▶ TASK DETAILS
An exact transcription of all the entries is needed; pictures stay out.

▶ GIVEN ENTRIES

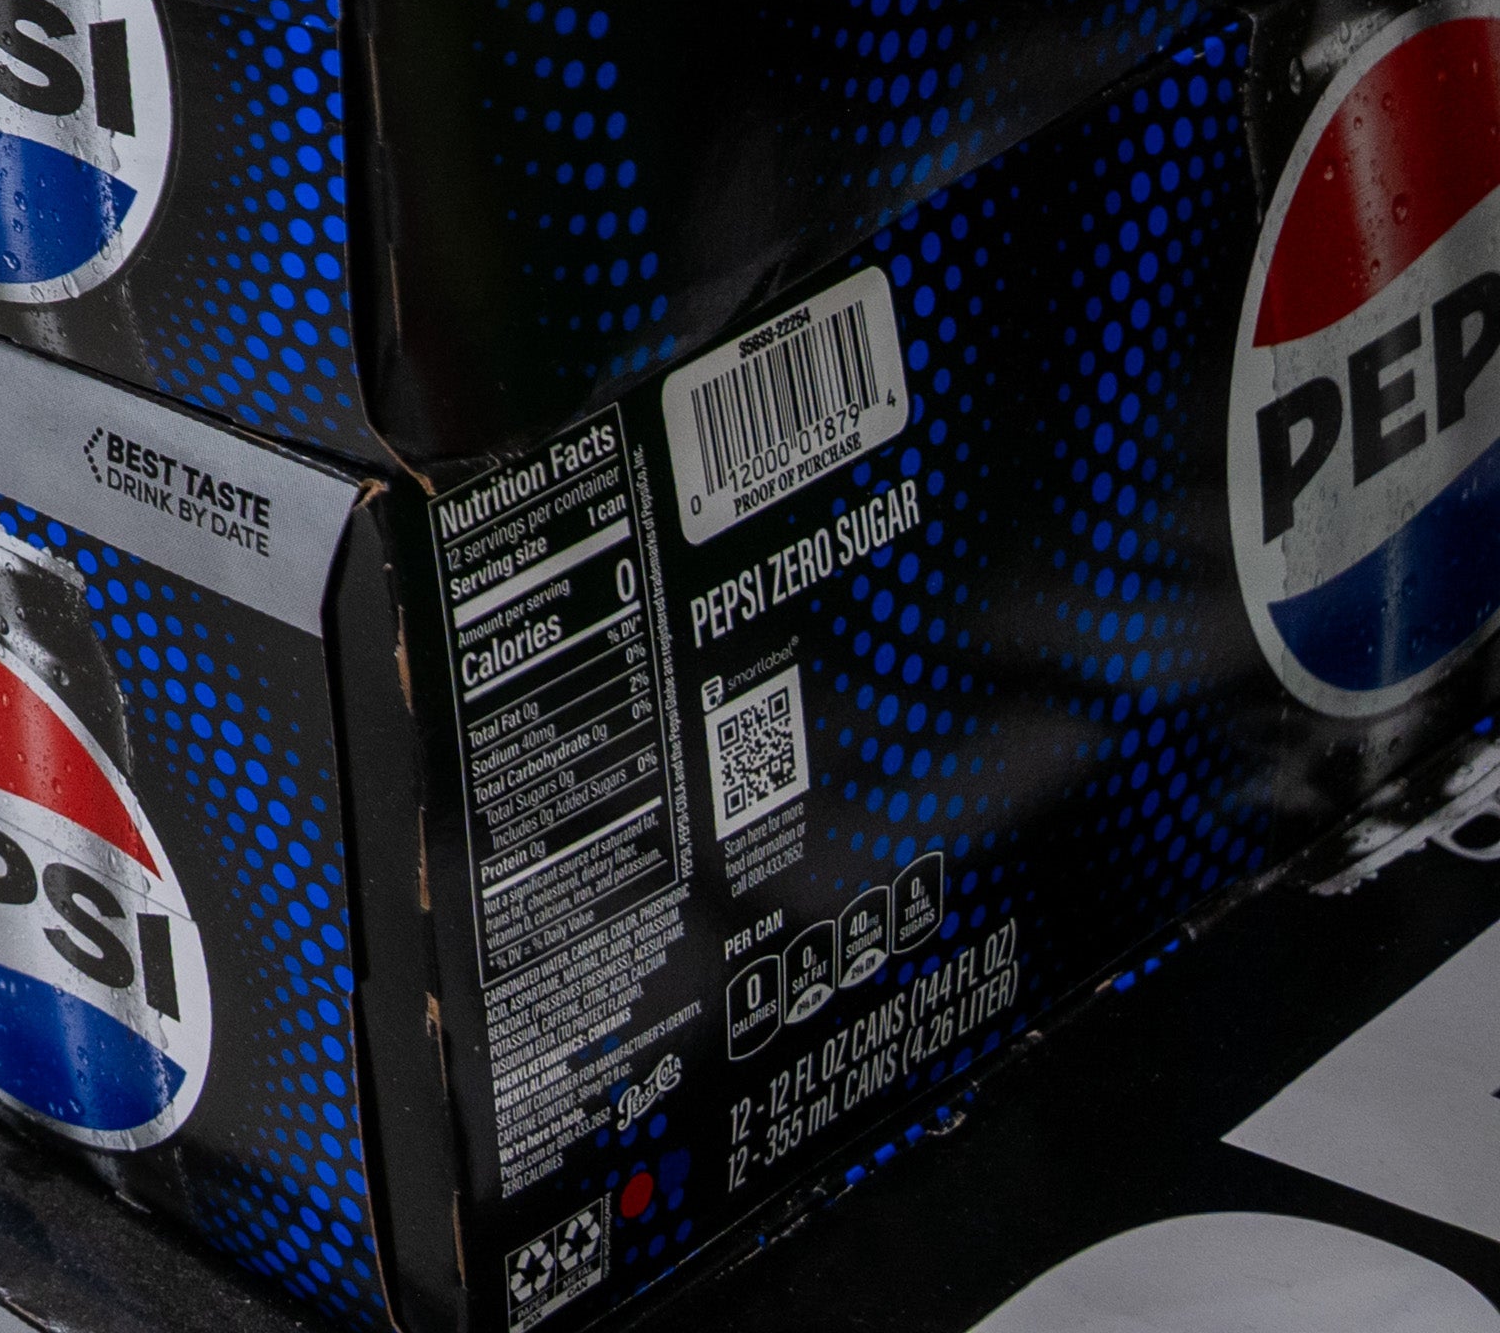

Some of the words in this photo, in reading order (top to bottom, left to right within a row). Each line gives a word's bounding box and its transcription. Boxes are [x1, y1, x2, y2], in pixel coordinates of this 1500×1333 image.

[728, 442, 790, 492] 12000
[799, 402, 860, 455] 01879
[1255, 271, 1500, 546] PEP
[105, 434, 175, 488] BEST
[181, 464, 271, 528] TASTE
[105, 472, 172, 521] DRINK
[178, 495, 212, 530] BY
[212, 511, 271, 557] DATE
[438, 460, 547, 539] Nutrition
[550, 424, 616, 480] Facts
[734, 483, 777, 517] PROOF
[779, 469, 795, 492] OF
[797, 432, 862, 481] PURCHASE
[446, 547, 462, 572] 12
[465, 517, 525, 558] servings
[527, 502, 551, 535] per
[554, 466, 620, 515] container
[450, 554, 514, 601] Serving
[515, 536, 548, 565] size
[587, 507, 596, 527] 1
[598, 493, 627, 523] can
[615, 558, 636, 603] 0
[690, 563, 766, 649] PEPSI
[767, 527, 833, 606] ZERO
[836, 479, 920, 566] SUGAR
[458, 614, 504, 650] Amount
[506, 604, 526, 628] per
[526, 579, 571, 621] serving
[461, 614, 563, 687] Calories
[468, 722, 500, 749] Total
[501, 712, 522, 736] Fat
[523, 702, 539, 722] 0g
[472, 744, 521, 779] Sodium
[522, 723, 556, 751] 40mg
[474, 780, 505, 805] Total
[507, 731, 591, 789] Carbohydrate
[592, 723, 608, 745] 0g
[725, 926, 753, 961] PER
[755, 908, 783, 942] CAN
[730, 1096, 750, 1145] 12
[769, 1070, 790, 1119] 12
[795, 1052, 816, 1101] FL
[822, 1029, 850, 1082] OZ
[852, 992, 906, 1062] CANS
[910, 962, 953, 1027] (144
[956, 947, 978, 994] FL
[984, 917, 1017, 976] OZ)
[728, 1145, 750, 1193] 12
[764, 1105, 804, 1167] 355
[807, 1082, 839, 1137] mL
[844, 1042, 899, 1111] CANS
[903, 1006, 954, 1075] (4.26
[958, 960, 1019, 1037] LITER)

▶ SOLUTION TO THIS EXERCISE
Some of the words in this photo, in reading order (top to bottom, left to right within a row). Each line gives a word's bounding box and its transcription. Boxes are [x1, y1, x2, y2], in pixel coordinates of this 1500×1333 image.

[728, 442, 790, 492] 12000
[799, 402, 860, 455] 01879
[1255, 271, 1500, 546] PEP
[105, 434, 175, 488] BEST
[181, 464, 271, 528] TASTE
[105, 472, 172, 521] DRINK
[178, 495, 212, 530] BY
[212, 511, 271, 557] DATE
[438, 460, 547, 539] Nutrition
[550, 424, 616, 480] Facts
[734, 483, 777, 517] PROOF
[779, 469, 795, 492] OF
[797, 432, 862, 481] PURCHASE
[446, 547, 462, 572] 12
[465, 517, 525, 558] servings
[527, 502, 551, 535] per
[554, 466, 620, 515] container
[450, 554, 514, 601] Serving
[515, 536, 548, 565] size
[587, 507, 596, 527] 1
[598, 493, 627, 523] can
[615, 558, 636, 603] 0
[690, 563, 766, 649] PEPSI
[767, 527, 833, 606] ZERO
[836, 479, 920, 566] SUGAR
[458, 614, 504, 650] Amount
[506, 604, 526, 628] per
[526, 579, 571, 621] serving
[461, 614, 563, 687] Calories
[468, 722, 500, 749] Total
[501, 712, 522, 736] Fat
[523, 702, 539, 722] 0g
[472, 744, 521, 779] Sodium
[522, 723, 556, 751] 40mg
[474, 780, 505, 805] Total
[507, 731, 591, 789] Carbohydrate
[592, 723, 608, 745] 0g
[725, 926, 753, 961] PER
[755, 908, 783, 942] CAN
[730, 1096, 750, 1145] 12
[769, 1070, 790, 1119] 12
[795, 1052, 816, 1101] FL
[822, 1029, 850, 1082] OZ
[852, 992, 906, 1062] CANS
[910, 962, 953, 1027] (144
[956, 947, 978, 994] FL
[984, 917, 1017, 976] OZ)
[728, 1145, 750, 1193] 12
[764, 1105, 804, 1167] 355
[807, 1082, 839, 1137] mL
[844, 1042, 899, 1111] CANS
[903, 1006, 954, 1075] (4.26
[958, 960, 1019, 1037] LITER)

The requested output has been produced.